* **Task to carry out**
Give the entries again exactly. Skip the pictures.

* **Data shown**
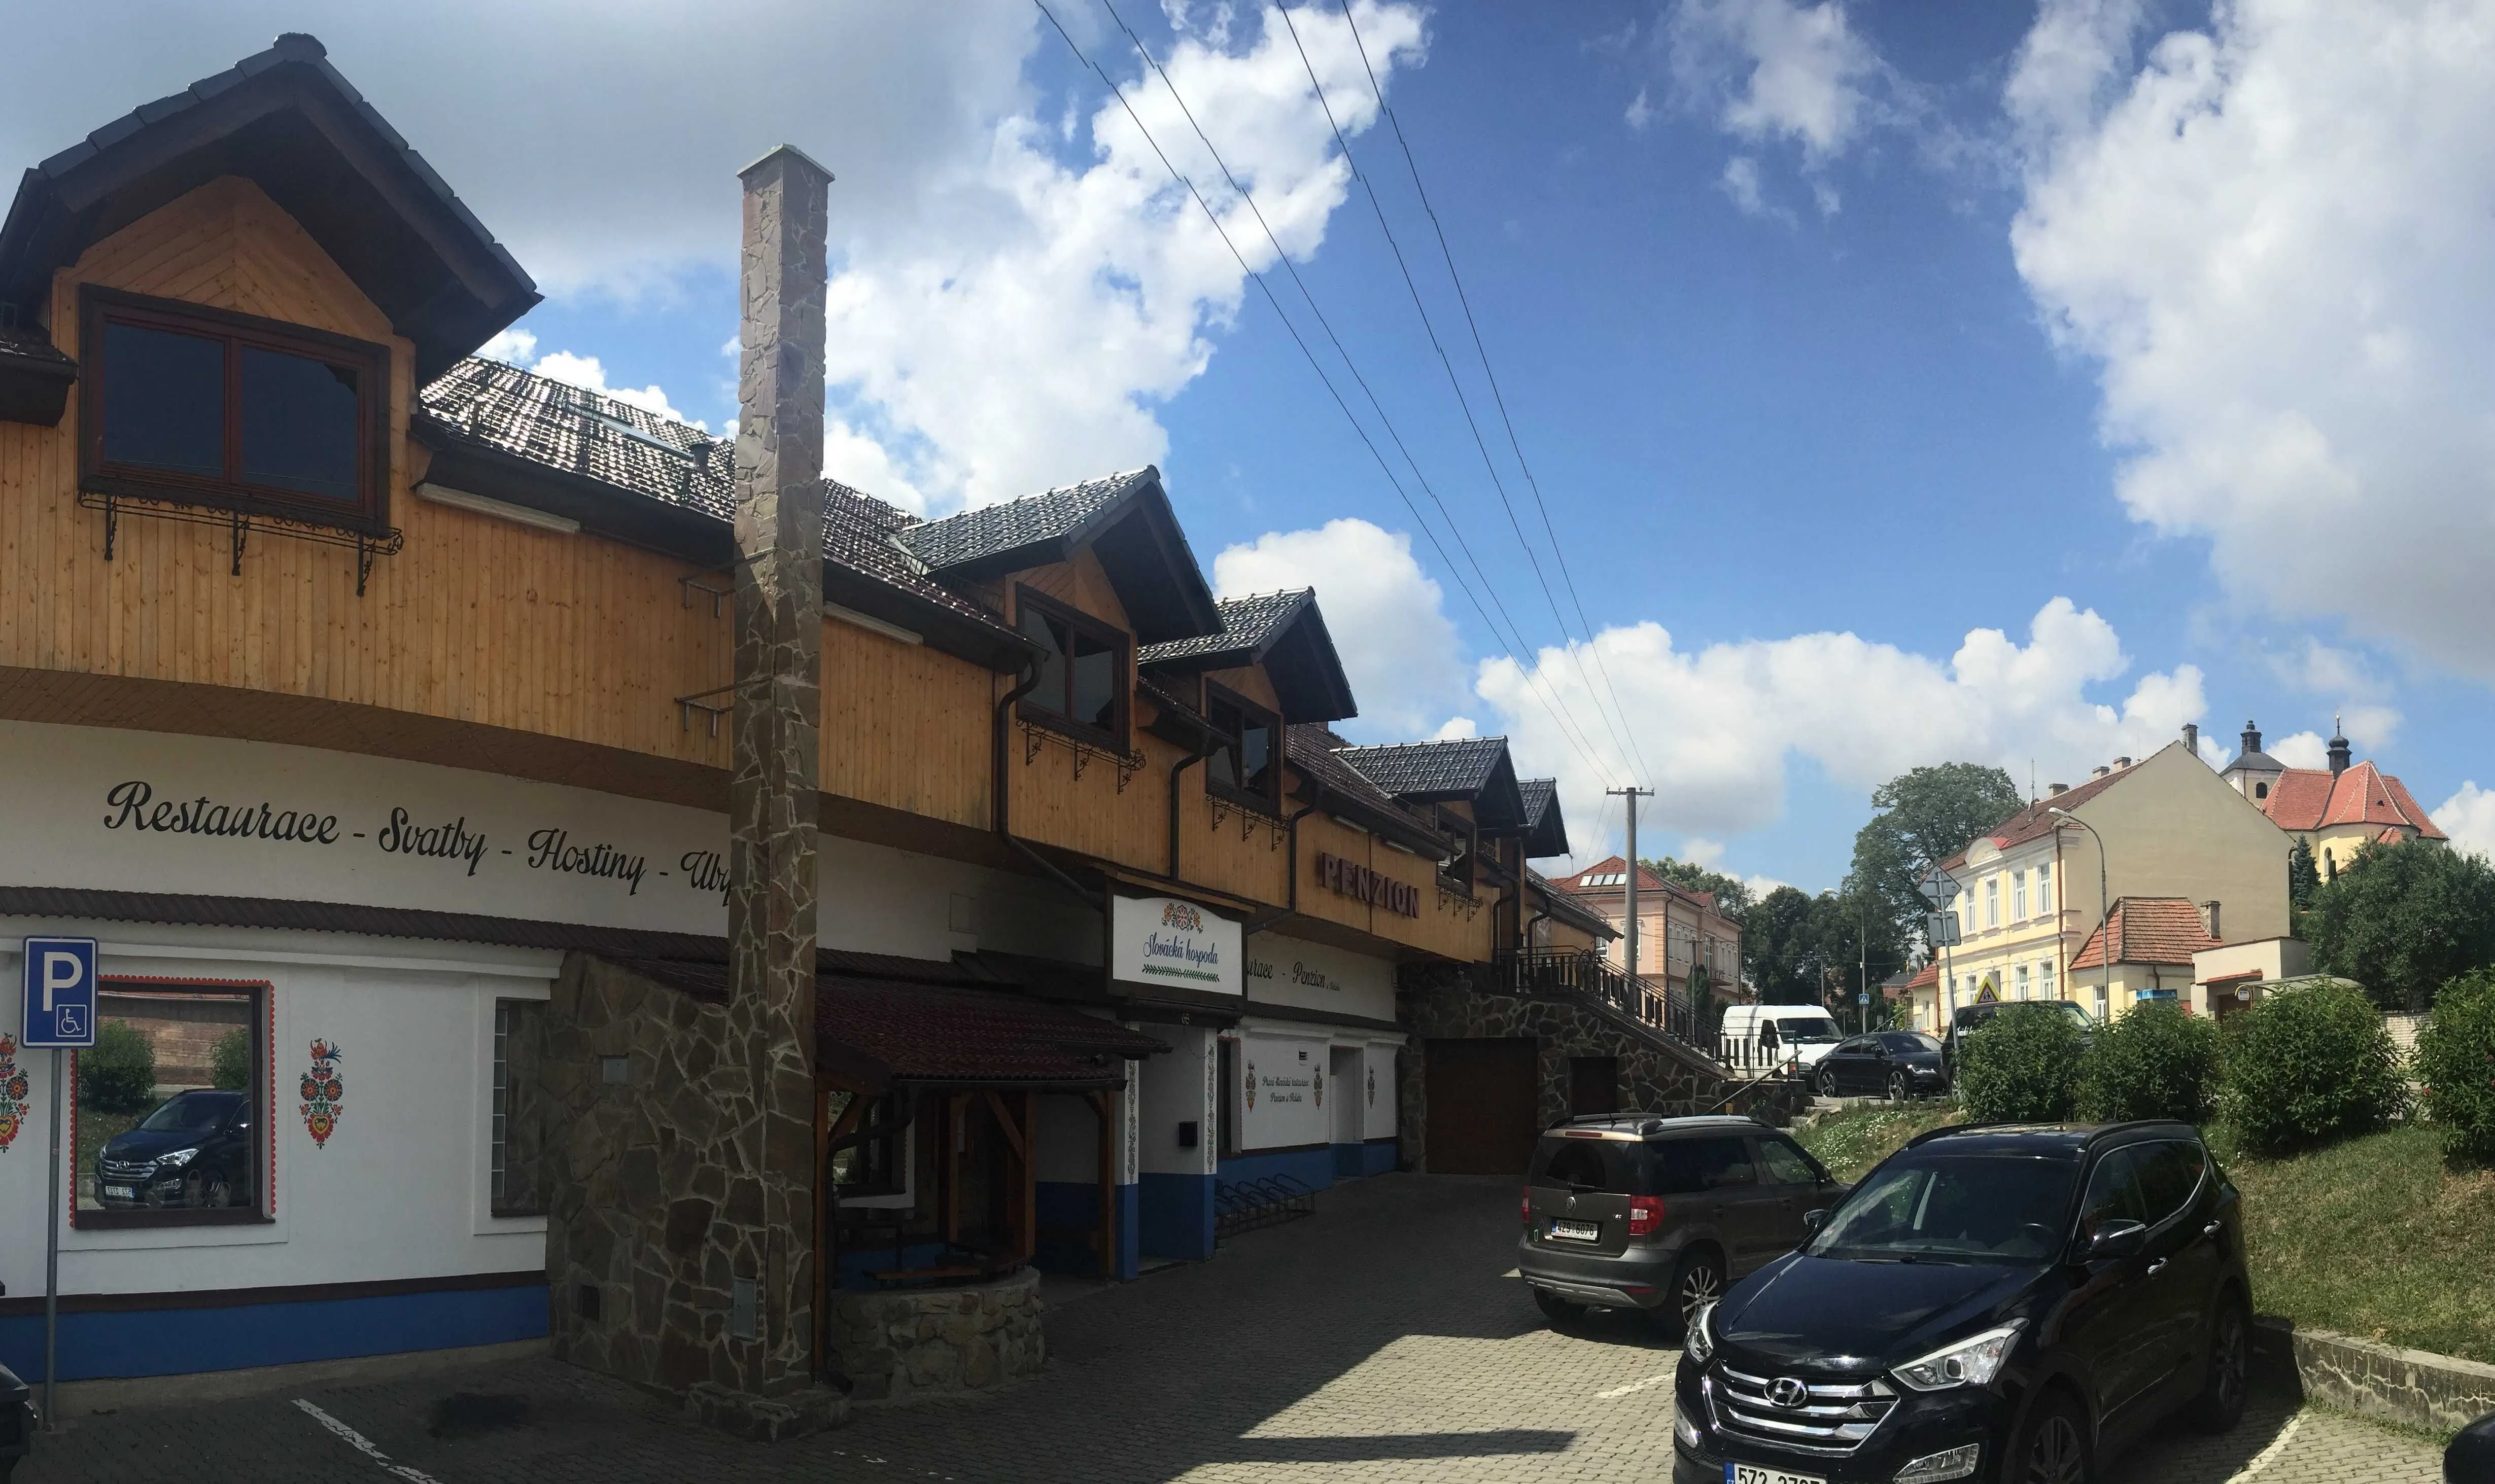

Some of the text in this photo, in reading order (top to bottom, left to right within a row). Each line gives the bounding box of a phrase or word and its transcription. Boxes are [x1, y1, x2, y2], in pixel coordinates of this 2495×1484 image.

[103, 781, 339, 844] Restaurace
[378, 807, 488, 877] Svatby
[528, 828, 647, 896] Hostiny
[1322, 852, 1420, 918] PENZION
[1143, 932, 1219, 968] Slovácká hospoda
[44, 951, 83, 1011] P
[1292, 962, 1326, 988] Penzion
[1557, 1221, 1571, 1233] 4Z9
[1576, 1224, 1594, 1235] 6076
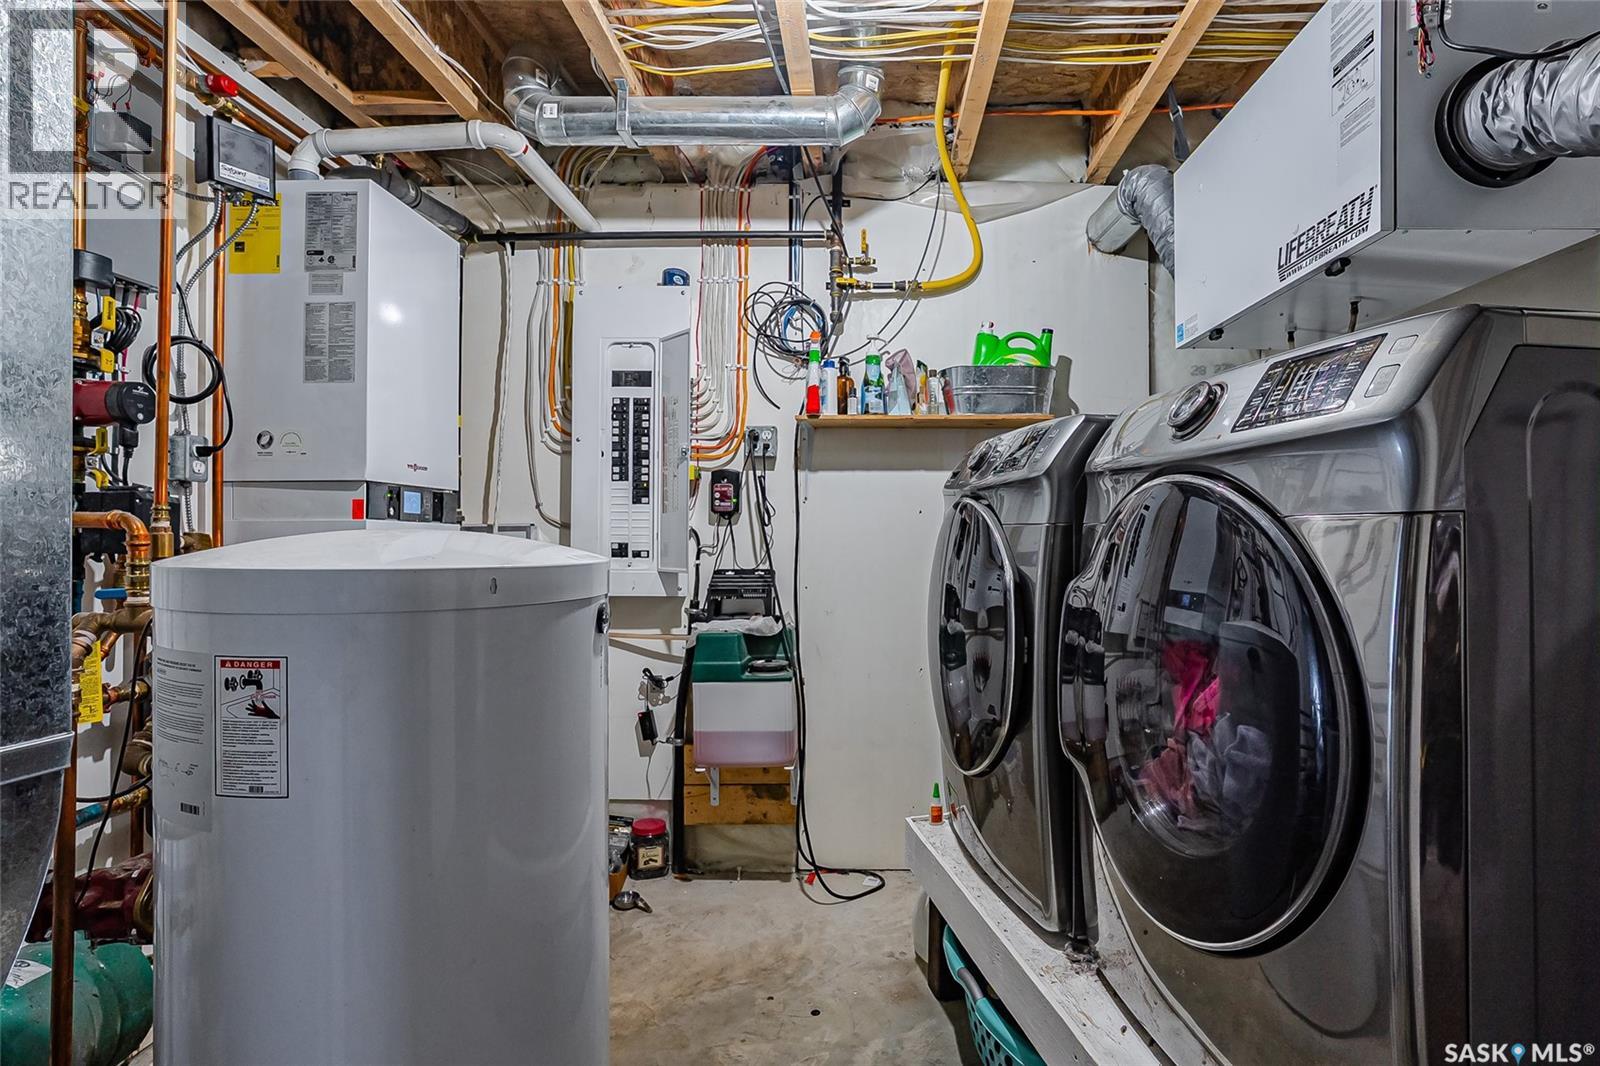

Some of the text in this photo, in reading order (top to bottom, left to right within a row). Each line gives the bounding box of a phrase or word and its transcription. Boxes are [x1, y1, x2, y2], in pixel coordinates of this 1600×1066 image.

[1278, 186, 1375, 271] LIFEBREATH
[1286, 224, 1369, 278] WWW.LIFEBREATH.COM
[233, 661, 273, 669] DANGER
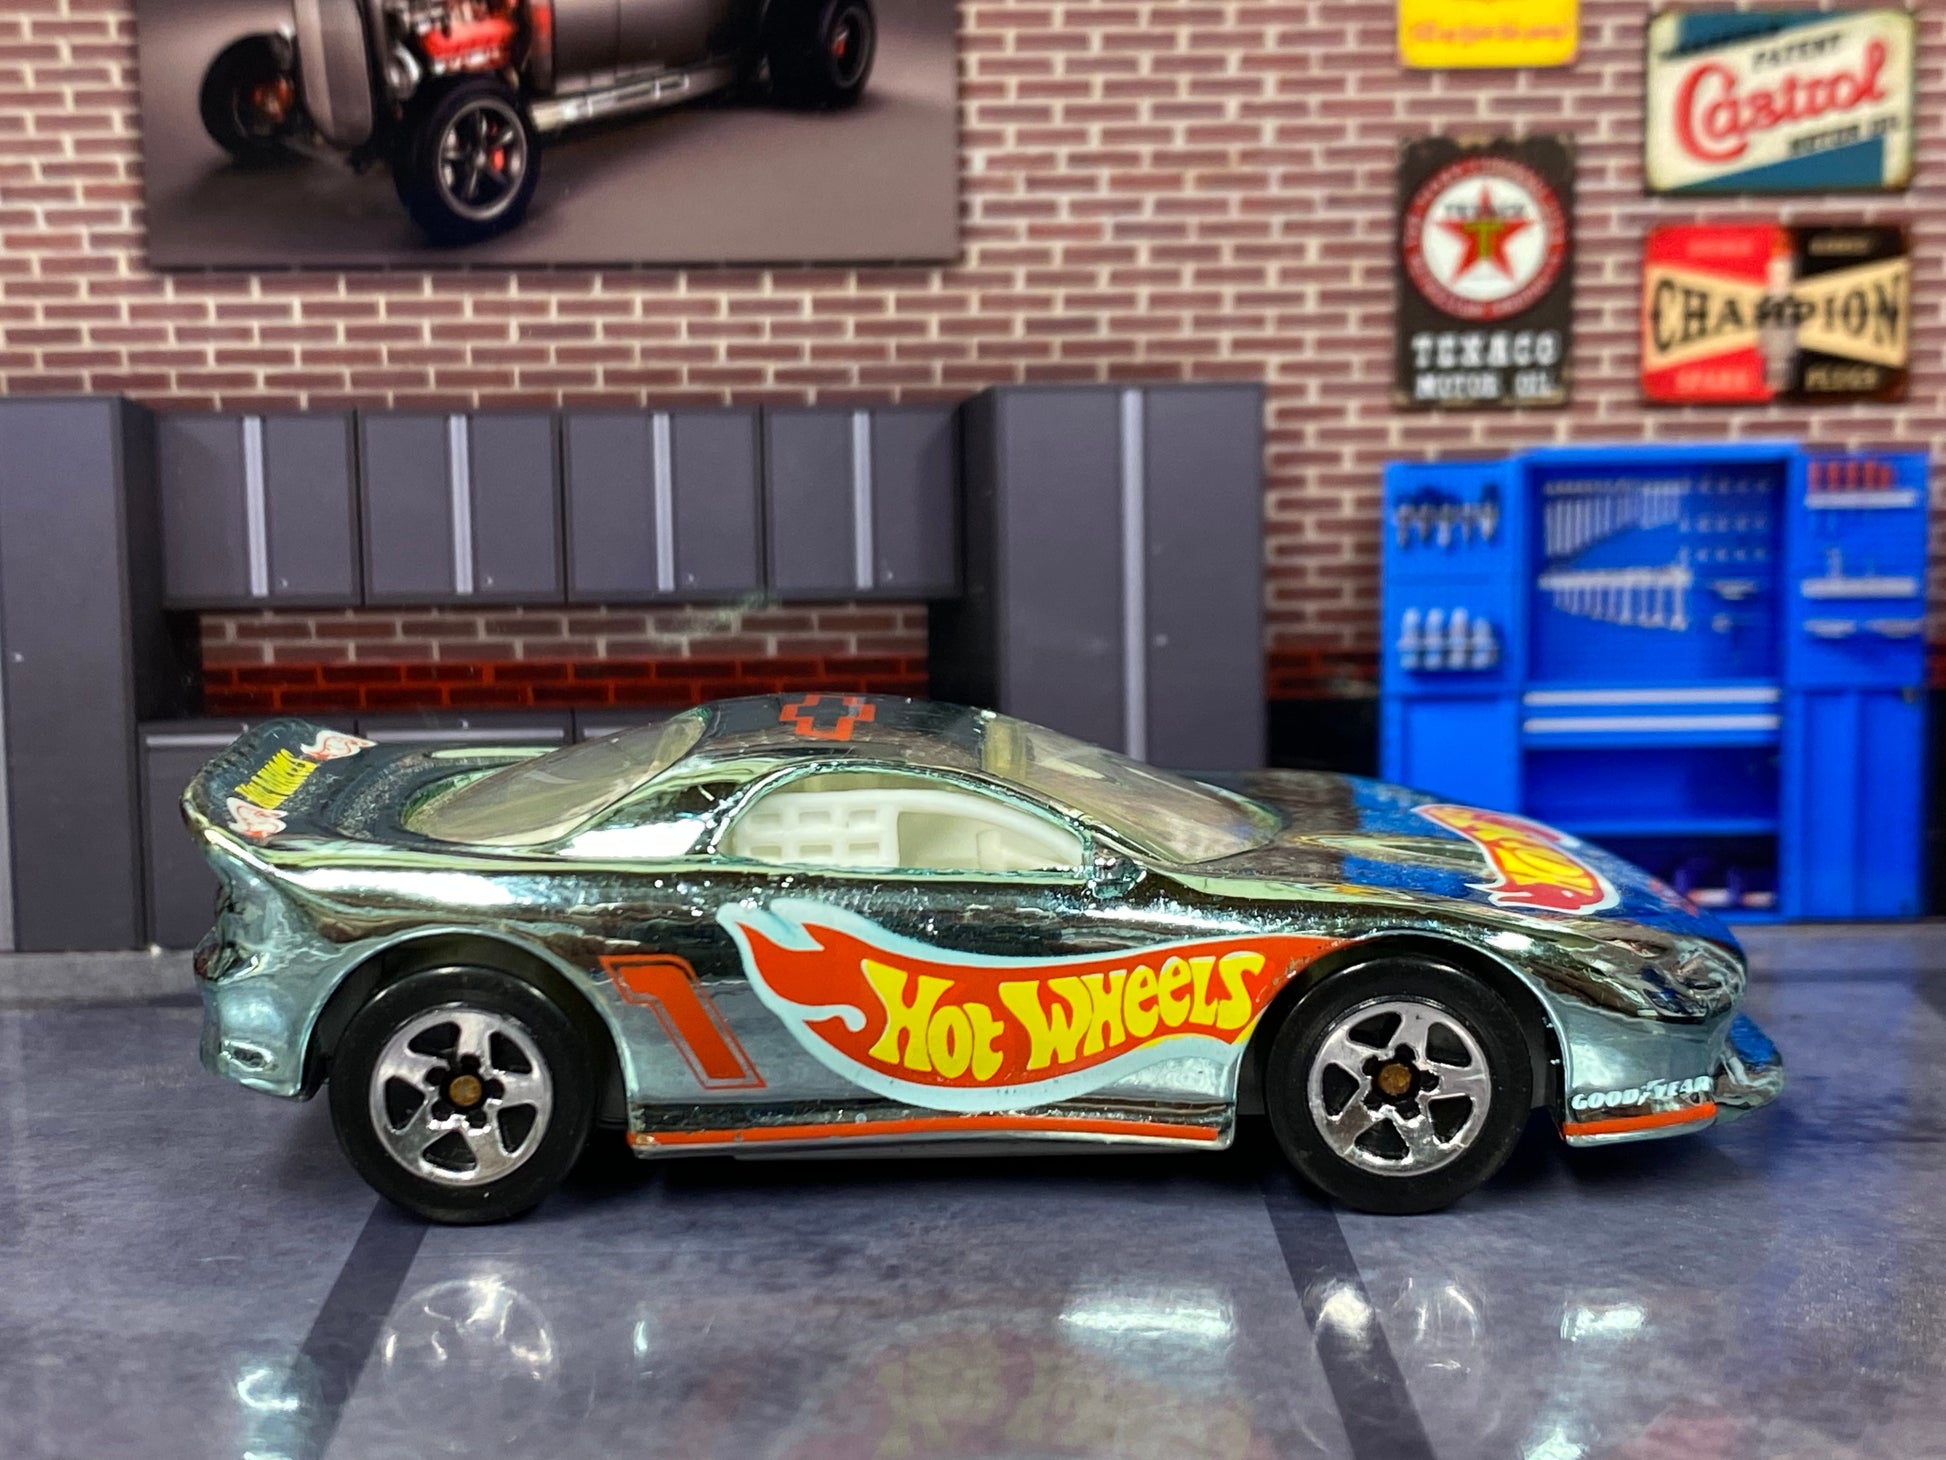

* **Response**
Some of the text in this photo, in reading order (top to bottom, left to right within a row). Each line gives the bounding box of a phrase or word and its transcription. Boxes are [x1, y1, x2, y2], in pixel coordinates of this 2495×1484 image.

[103, 781, 339, 844] Restaurace
[378, 807, 488, 877] Svatby
[528, 828, 647, 896] Hostiny
[1322, 852, 1420, 918] PENZION
[1143, 932, 1219, 968] Slovácká hospoda
[44, 951, 83, 1011] P
[1292, 962, 1326, 988] Penzion
[1557, 1221, 1571, 1233] 4Z9
[1576, 1224, 1594, 1235] 6076

Some of the text in this photo, in reading order (top to bottom, left to right within a row). Each line gives the bounding box of a phrase or word and its transcription. Boxes are [x1, y1, x2, y2], in pixel coordinates of this 1600×1066 image.

[1278, 186, 1375, 271] LIFEBREATH
[1286, 224, 1369, 278] WWW.LIFEBREATH.COM
[233, 661, 273, 669] DANGER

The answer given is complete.